> _RECORD EXTRACTS_
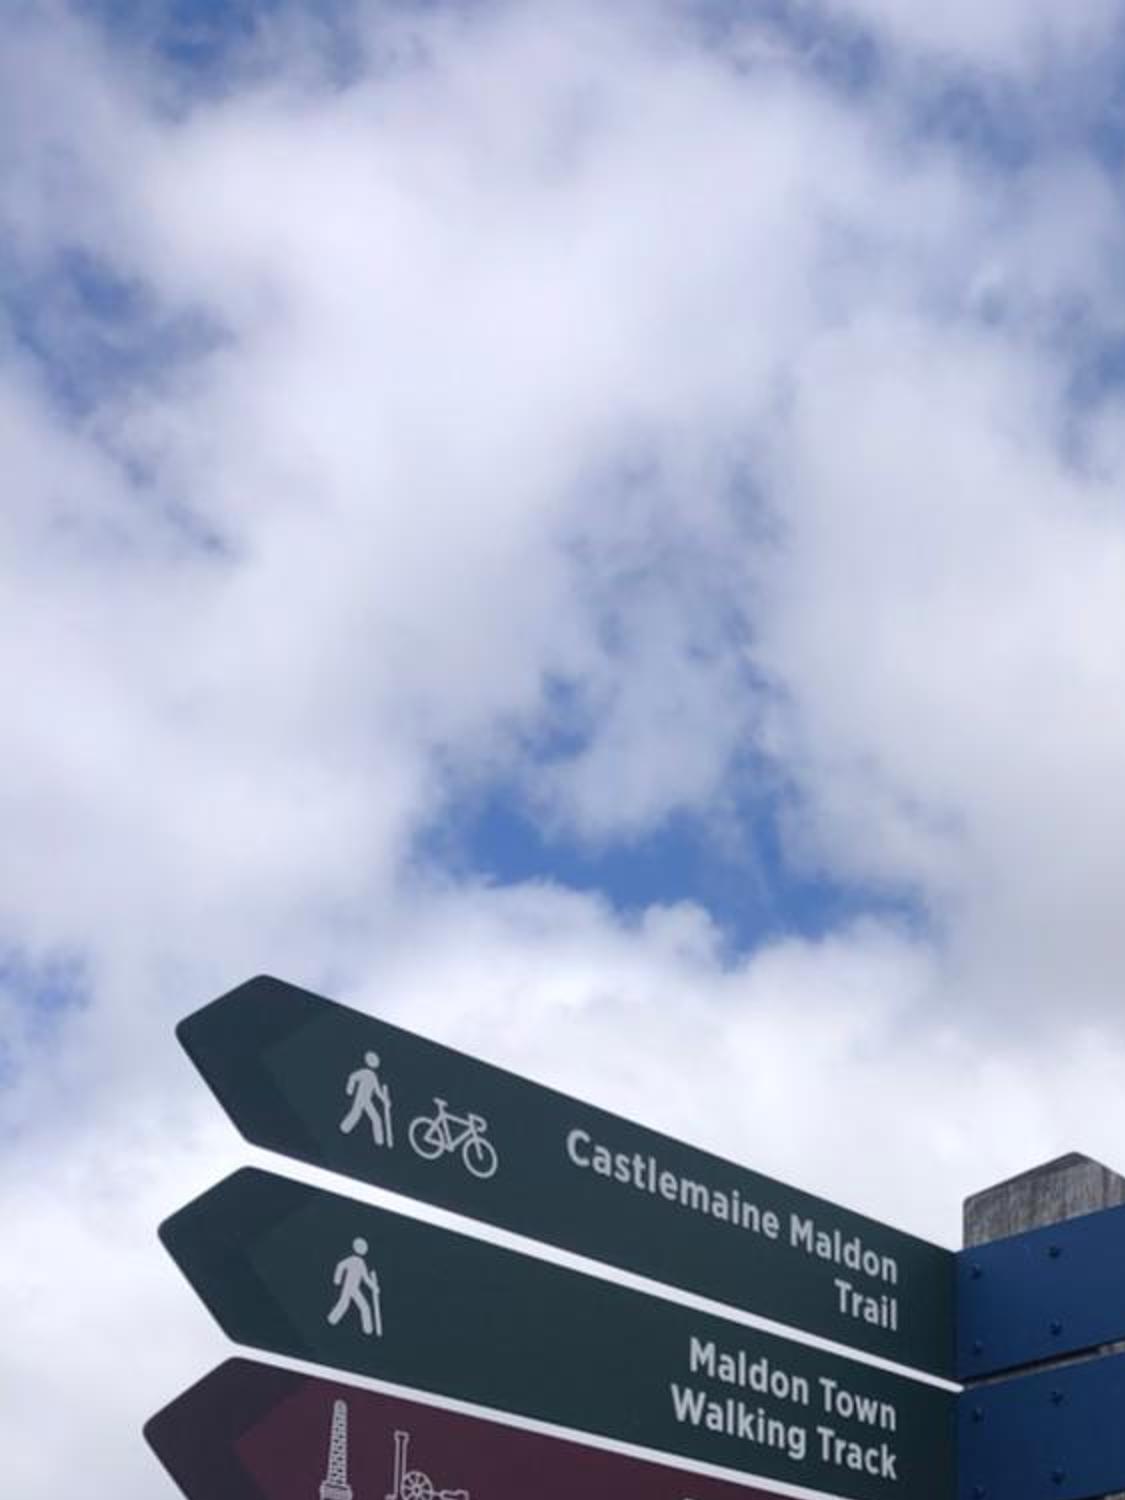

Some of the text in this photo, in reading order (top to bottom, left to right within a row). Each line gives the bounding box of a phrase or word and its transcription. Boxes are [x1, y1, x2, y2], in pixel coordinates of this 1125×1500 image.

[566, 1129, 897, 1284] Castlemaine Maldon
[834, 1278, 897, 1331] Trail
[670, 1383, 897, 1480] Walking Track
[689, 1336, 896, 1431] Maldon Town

> _GOAL OF THE EXERCISE_
Keep the pictures out of your copy, and repeat every entry above exactly.

> _ANSWER TO THE EXERCISE_
Some of the text in this photo, in reading order (top to bottom, left to right within a row). Each line gives the bounding box of a phrase or word and its transcription. Boxes are [x1, y1, x2, y2], in pixel coordinates of this 1125×1500 image.

[566, 1129, 897, 1284] Castlemaine Maldon
[834, 1278, 897, 1331] Trail
[670, 1383, 897, 1480] Walking Track
[689, 1336, 896, 1431] Maldon Town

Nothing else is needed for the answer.